● **Material for the task**:
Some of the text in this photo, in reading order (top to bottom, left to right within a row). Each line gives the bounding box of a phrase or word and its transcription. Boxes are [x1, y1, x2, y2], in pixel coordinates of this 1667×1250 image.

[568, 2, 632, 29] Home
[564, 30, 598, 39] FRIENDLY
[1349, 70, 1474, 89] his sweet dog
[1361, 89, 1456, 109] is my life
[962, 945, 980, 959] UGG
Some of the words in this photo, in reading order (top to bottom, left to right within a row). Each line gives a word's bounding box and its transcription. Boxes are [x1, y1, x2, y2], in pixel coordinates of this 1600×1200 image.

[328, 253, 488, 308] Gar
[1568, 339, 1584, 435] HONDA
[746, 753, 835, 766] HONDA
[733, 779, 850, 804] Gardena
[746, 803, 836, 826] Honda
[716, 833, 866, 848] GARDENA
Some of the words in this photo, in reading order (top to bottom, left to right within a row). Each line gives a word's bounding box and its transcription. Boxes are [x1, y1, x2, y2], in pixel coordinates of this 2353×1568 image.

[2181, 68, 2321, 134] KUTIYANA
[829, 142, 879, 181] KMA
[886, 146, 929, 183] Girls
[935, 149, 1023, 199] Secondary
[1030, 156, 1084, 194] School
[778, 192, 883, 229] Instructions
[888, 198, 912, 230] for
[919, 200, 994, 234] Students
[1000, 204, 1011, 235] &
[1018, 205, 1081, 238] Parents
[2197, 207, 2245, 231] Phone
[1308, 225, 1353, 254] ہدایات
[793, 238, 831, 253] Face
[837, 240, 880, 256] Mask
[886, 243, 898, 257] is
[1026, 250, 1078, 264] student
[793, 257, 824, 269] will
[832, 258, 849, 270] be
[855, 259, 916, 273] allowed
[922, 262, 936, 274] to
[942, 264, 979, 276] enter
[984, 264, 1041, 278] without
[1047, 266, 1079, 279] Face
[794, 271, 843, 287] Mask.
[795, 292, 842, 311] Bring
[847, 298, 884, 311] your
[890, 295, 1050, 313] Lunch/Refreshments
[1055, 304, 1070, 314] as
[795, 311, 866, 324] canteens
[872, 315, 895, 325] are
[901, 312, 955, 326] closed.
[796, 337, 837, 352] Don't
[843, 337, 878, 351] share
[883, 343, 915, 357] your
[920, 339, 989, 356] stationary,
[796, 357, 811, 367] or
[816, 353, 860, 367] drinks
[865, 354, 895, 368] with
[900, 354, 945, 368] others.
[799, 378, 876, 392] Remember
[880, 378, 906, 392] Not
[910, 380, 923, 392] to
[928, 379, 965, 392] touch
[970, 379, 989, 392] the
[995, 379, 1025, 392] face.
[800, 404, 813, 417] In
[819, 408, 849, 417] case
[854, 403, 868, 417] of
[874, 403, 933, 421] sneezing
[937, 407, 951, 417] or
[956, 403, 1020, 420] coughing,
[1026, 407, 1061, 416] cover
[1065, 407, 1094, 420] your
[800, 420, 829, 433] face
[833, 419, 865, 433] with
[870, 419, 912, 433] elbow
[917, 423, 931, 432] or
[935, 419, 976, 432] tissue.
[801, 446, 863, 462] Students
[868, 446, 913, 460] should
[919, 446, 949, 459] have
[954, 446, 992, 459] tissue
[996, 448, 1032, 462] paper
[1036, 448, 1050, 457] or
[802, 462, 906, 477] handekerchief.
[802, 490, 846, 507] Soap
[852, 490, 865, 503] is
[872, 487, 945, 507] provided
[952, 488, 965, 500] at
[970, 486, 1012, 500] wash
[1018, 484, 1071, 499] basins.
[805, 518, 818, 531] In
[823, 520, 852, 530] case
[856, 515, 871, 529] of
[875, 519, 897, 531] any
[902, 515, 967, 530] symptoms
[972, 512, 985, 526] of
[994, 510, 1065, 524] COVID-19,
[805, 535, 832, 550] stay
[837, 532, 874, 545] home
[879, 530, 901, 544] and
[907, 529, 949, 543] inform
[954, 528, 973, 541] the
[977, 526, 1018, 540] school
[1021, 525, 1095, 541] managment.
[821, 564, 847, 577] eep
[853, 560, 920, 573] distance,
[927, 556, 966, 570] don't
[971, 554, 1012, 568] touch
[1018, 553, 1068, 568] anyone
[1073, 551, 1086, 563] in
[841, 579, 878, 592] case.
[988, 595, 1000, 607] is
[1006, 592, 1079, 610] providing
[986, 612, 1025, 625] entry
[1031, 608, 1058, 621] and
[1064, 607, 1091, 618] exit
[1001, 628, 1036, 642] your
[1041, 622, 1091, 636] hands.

● **Exercise goal**:
Line by line, reproduce the material exactly.

● **Result of the exercise**:
Some of the text in this photo, in reading order (top to bottom, left to right within a row). Each line gives the bounding box of a phrase or word and its transcription. Boxes are [x1, y1, x2, y2], in pixel coordinates of this 1667×1250 image.

[568, 2, 632, 29] Home
[564, 30, 598, 39] FRIENDLY
[1349, 70, 1474, 89] his sweet dog
[1361, 89, 1456, 109] is my life
[962, 945, 980, 959] UGG
Some of the words in this photo, in reading order (top to bottom, left to right within a row). Each line gives a word's bounding box and its transcription. Boxes are [x1, y1, x2, y2], in pixel coordinates of this 1600×1200 image.

[328, 253, 488, 308] Gar
[1568, 339, 1584, 435] HONDA
[746, 753, 835, 766] HONDA
[733, 779, 850, 804] Gardena
[746, 803, 836, 826] Honda
[716, 833, 866, 848] GARDENA
Some of the words in this photo, in reading order (top to bottom, left to right within a row). Each line gives a word's bounding box and its transcription. Boxes are [x1, y1, x2, y2], in pixel coordinates of this 2353×1568 image.

[2181, 68, 2321, 134] KUTIYANA
[829, 142, 879, 181] KMA
[886, 146, 929, 183] Girls
[935, 149, 1023, 199] Secondary
[1030, 156, 1084, 194] School
[778, 192, 883, 229] Instructions
[888, 198, 912, 230] for
[919, 200, 994, 234] Students
[1000, 204, 1011, 235] &
[1018, 205, 1081, 238] Parents
[2197, 207, 2245, 231] Phone
[1308, 225, 1353, 254] ہدایات
[793, 238, 831, 253] Face
[837, 240, 880, 256] Mask
[886, 243, 898, 257] is
[1026, 250, 1078, 264] student
[793, 257, 824, 269] will
[832, 258, 849, 270] be
[855, 259, 916, 273] allowed
[922, 262, 936, 274] to
[942, 264, 979, 276] enter
[984, 264, 1041, 278] without
[1047, 266, 1079, 279] Face
[794, 271, 843, 287] Mask.
[795, 292, 842, 311] Bring
[847, 298, 884, 311] your
[890, 295, 1050, 313] Lunch/Refreshments
[1055, 304, 1070, 314] as
[795, 311, 866, 324] canteens
[872, 315, 895, 325] are
[901, 312, 955, 326] closed.
[796, 337, 837, 352] Don't
[843, 337, 878, 351] share
[883, 343, 915, 357] your
[920, 339, 989, 356] stationary,
[796, 357, 811, 367] or
[816, 353, 860, 367] drinks
[865, 354, 895, 368] with
[900, 354, 945, 368] others.
[799, 378, 876, 392] Remember
[880, 378, 906, 392] Not
[910, 380, 923, 392] to
[928, 379, 965, 392] touch
[970, 379, 989, 392] the
[995, 379, 1025, 392] face.
[800, 404, 813, 417] In
[819, 408, 849, 417] case
[854, 403, 868, 417] of
[874, 403, 933, 421] sneezing
[937, 407, 951, 417] or
[956, 403, 1020, 420] coughing,
[1026, 407, 1061, 416] cover
[1065, 407, 1094, 420] your
[800, 420, 829, 433] face
[833, 419, 865, 433] with
[870, 419, 912, 433] elbow
[917, 423, 931, 432] or
[935, 419, 976, 432] tissue.
[801, 446, 863, 462] Students
[868, 446, 913, 460] should
[919, 446, 949, 459] have
[954, 446, 992, 459] tissue
[996, 448, 1032, 462] paper
[1036, 448, 1050, 457] or
[802, 462, 906, 477] handekerchief.
[802, 490, 846, 507] Soap
[852, 490, 865, 503] is
[872, 487, 945, 507] provided
[952, 488, 965, 500] at
[970, 486, 1012, 500] wash
[1018, 484, 1071, 499] basins.
[805, 518, 818, 531] In
[823, 520, 852, 530] case
[856, 515, 871, 529] of
[875, 519, 897, 531] any
[902, 515, 967, 530] symptoms
[972, 512, 985, 526] of
[994, 510, 1065, 524] COVID-19,
[805, 535, 832, 550] stay
[837, 532, 874, 545] home
[879, 530, 901, 544] and
[907, 529, 949, 543] inform
[954, 528, 973, 541] the
[977, 526, 1018, 540] school
[1021, 525, 1095, 541] managment.
[821, 564, 847, 577] eep
[853, 560, 920, 573] distance,
[927, 556, 966, 570] don't
[971, 554, 1012, 568] touch
[1018, 553, 1068, 568] anyone
[1073, 551, 1086, 563] in
[841, 579, 878, 592] case.
[988, 595, 1000, 607] is
[1006, 592, 1079, 610] providing
[986, 612, 1025, 625] entry
[1031, 608, 1058, 621] and
[1064, 607, 1091, 618] exit
[1001, 628, 1036, 642] your
[1041, 622, 1091, 636] hands.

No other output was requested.